Tuesday, July 29, 2008

Live Forum - Let's take a glass together.

I'm currently standing in the glass bar at Sidetrack with about 80 other men. There's a great turnout this evening for the live podcast forum hosted by the Feast of Fools and brought to you by Life Lube.org, with Project CRYSP, The Chicago Task Force on LGBT Substance Abuse and Sidetrack. The topic this evening...Alcohol Use/Abuse in the GLBT Community.

There's a nice mix of men here this evening, everyone seems to be enjoying their surroundings, and might I add, what an interesting place to hold this forum - at Sidetrack - the best Gay Bar in the country.

It looks like they're starting, so lets take a glass together and enjoy the forum. The hosts this evening are Fausto Fernos & Marc Felion, hosts of the Feast of Fools, the #1 downloaded Gay Podcast on iTunes. Joining them on the stage this evening are:

Dr. David McKirnan, Professor of Psychology at University of Illinois at Chicago, and a Research Investigator at Howard Brown. He began studying alcohol & drug use among GLBT people in the mid-80s and he later examined the intersection of substance use & HIV risk. Think of him as the Dr. Kinsey of booze!

Lisa Rivitz, the Program Manager for Recovering with Pride Substance Abuse Program at Howard Brown Health Center. Her work focuses on addictions, 12-step recovery for substance abuse and other compulsive behaviors, working with individuals to overcome their abuse with drugs and alcohol.

And two bartenders from your favorite gay bars in Chicago, from Sidetrack Paul Davis and from Minibar, Tom Andrika. Paul’s been in recovery for as long as he’s been a bartender at Sidetrack, which has been called the “best gay bar in America.” What’s it like to be a bartender at such a well visited place when you don’t touch the sauce?

What does it mean to drink responsibly?

What is our relationship to alcohol. The boys start off by sharing some information about themselves. When Marc & Fausto first started the show four years ago they would always have a cocktail before (or during the show) because their vision of the show was that you (the listener) was stopping by for conversation and cocktails....but they do their show 5 days a week. They decided after a while that doing a show 5 days a week and drinking just didn't mix, so they started making their cocktails with water and continued on with the show, in fact Fausto's mother, who listens to the show, was concerned that he was drinking too much.

As a side note - the boys next to me have decided to play game where they take a drink everytime someone on the panel says "alcohol"

Marc is sharing another story of how he had a friend that he thought was drinking a lot, so he talked with her and voiced his concern.

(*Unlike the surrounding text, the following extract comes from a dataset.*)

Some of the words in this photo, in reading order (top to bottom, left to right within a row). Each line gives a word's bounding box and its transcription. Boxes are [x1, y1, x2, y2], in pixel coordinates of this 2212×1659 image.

She told him "...from time to time, we all pass out in bars." To which Marc replied, "No, from time to time we don't ALL pass out in bars." Unfortunately due to her drinking problem Marc and she are no longer friends.

People don't think that alcoholism hurts you but a friend of Fausto's stopped drinking cold turkey - and died. Marc's sister died from an upper GI bleed - because she was a chronic alcoholic. Even though you may not think so, alcohol affects your body and your health in ways that you can't imagine.

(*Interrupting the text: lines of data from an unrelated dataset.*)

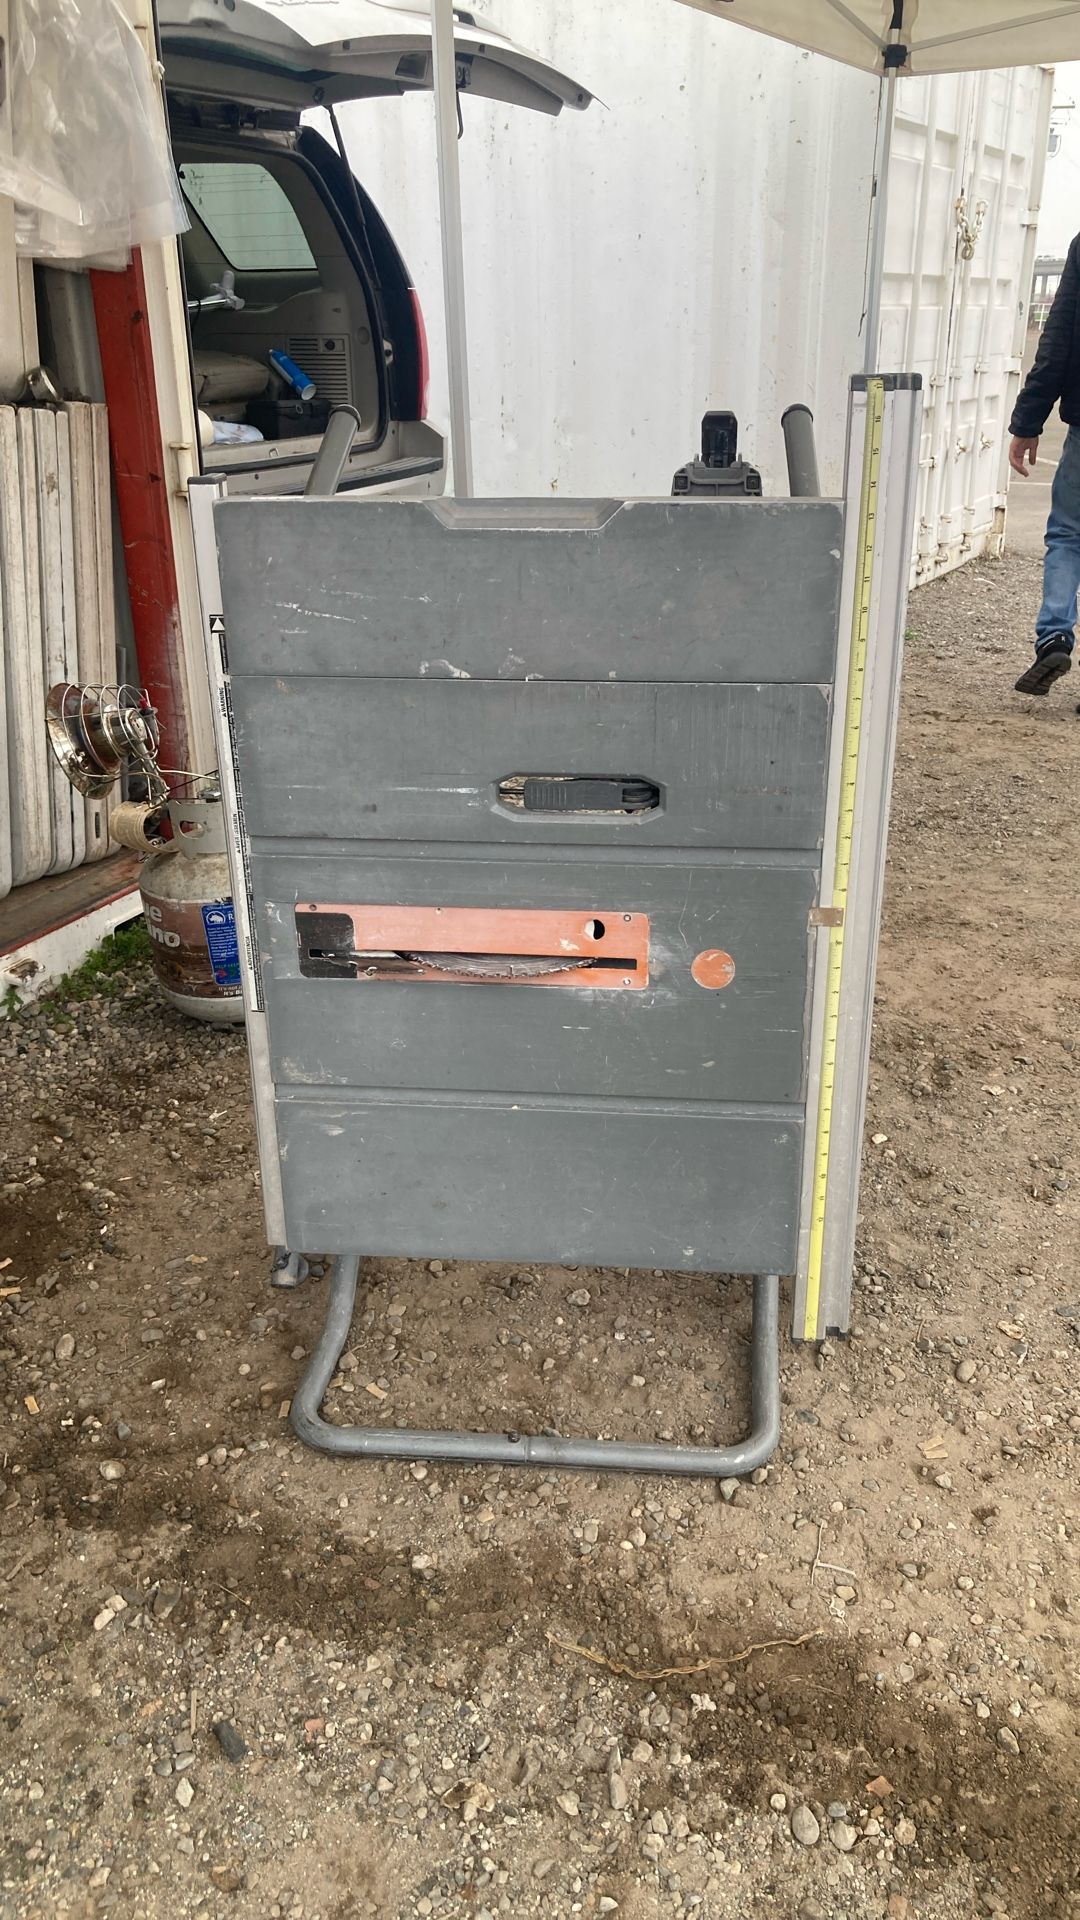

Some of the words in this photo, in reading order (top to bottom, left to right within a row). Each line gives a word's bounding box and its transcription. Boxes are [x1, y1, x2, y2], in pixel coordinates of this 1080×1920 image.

[875, 415, 882, 423] 16
[872, 447, 880, 455] 15
[870, 480, 877, 488] 14
[868, 512, 875, 520] 13
[866, 544, 873, 552] 12

A Toast: "Alcohol the cause of and the solution of all of life's little problems."

How do you keep track of your cocktails.

Fausto uses an ingenious way, he takes a sharpie and makes an x on the back of his hand - oh wait, no he doesn't, he just said that because David Beckham is the spokesperson for Sharpie and he wanted to work that link in there. Seriously though, after you've had a few drinks, you do sort of lose track of the total number that you've consumed.

Two of the other members of the panel join the boys on the stage: Lisa Rivets and David McKirnan,

Paint a picture of what it means to be GLBT today and what our relationship with alcohol is.

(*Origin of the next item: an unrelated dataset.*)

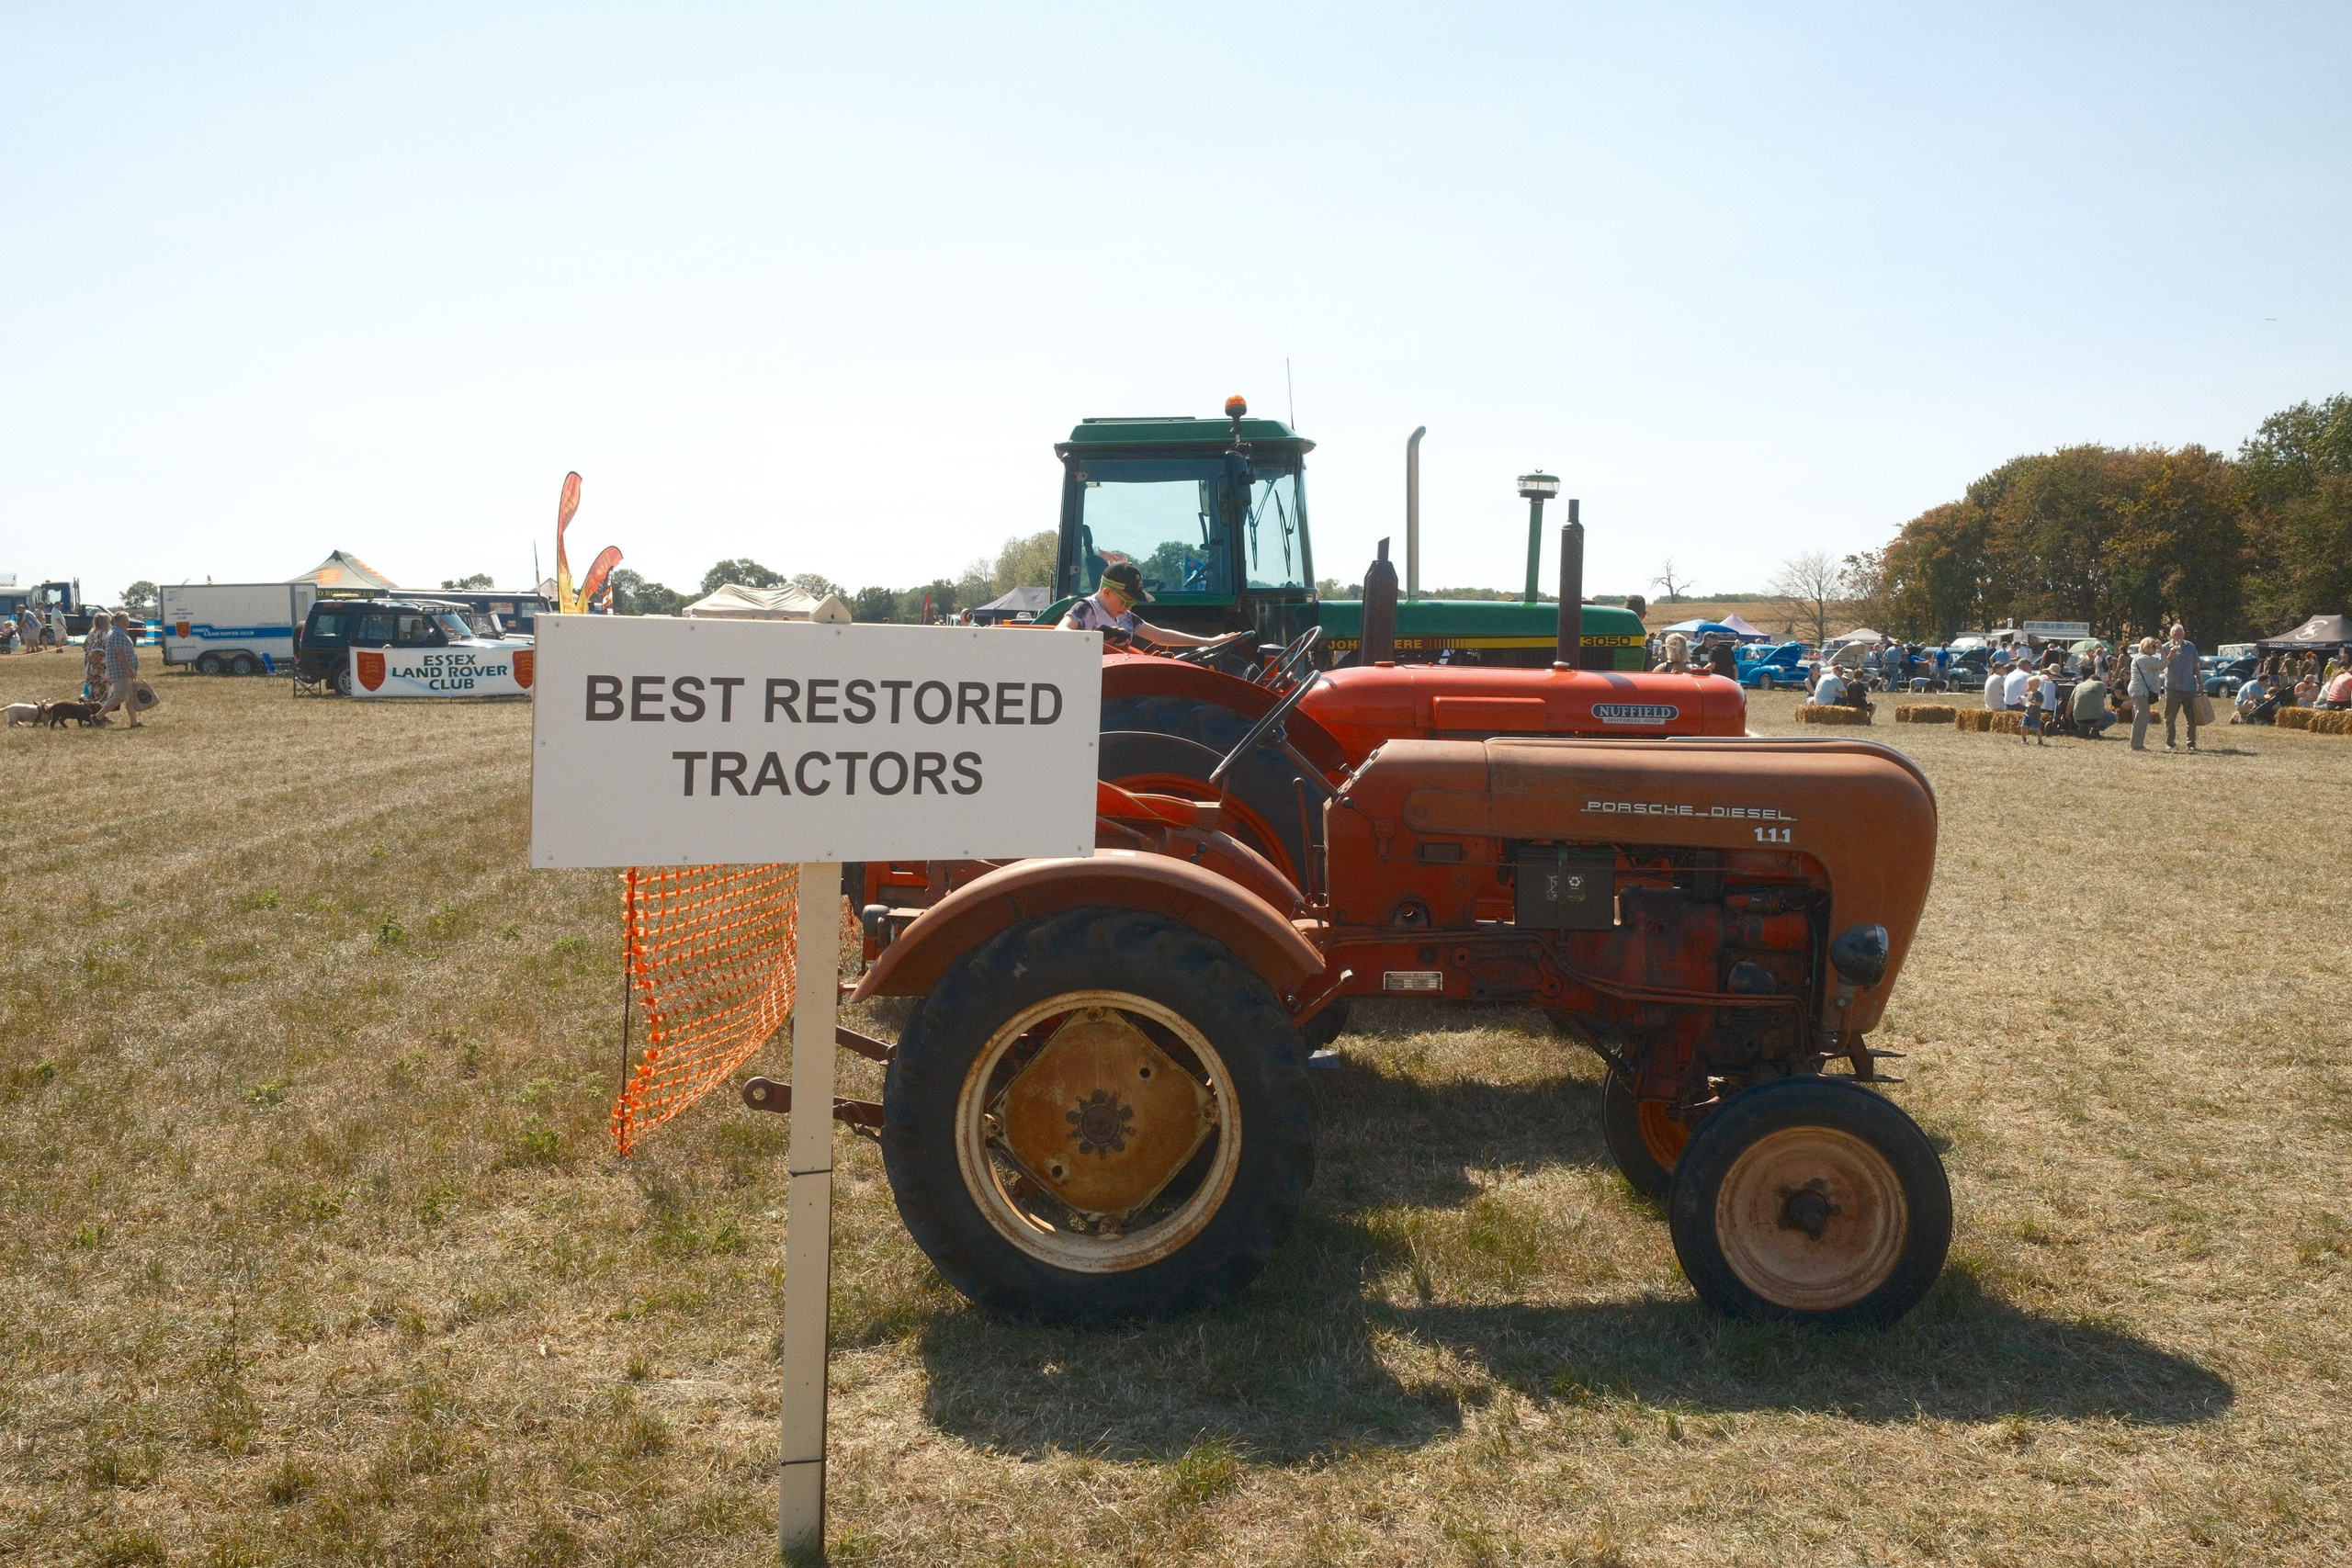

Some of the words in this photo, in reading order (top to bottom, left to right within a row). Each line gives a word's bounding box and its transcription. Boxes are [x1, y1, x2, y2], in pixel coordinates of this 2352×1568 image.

David: Today versus Yesterday....He's been in this field of work for 25 years - longer than most of the men in this room have been alive, and the one thing that sticks out is that there was no forum where GLBT could get together and talk. There's been a cultural shift that you can't over emphasize, the shift that it is. Look where we are? Look at how open it is, you can sit outside it's open, people are walking by on the street and able to see in. 25 years ago your basic gay bar was a smoky closed dump where you could never see in and once you were in you couldn't see out. It was a whole different world and a whole different field of study...and the thing is, that bars were all there were. There were no community centers like Center on Halsted, there was no place where people could converge and have a conversation like this, the bars were it.

We have more choices now

One of the first studies that David did was collecting interviews of coming out stories. At first he was amazed at the sheer number of guys that were kicked out of their homes by their parents. But a huge proportion of those men actually came out in the bars, because that was the only place that they could go.

Lisa: By the time that Lisa see's someone, they're coming to her because they know that they they have a problem. People do have more choices, the people that tend to come to Lisa for help are older men and women who came out in the bars. They typically have more issues with coming out, with socializing, or accepting themselves in the community, they always drank and it was a part of their life - and they still drink.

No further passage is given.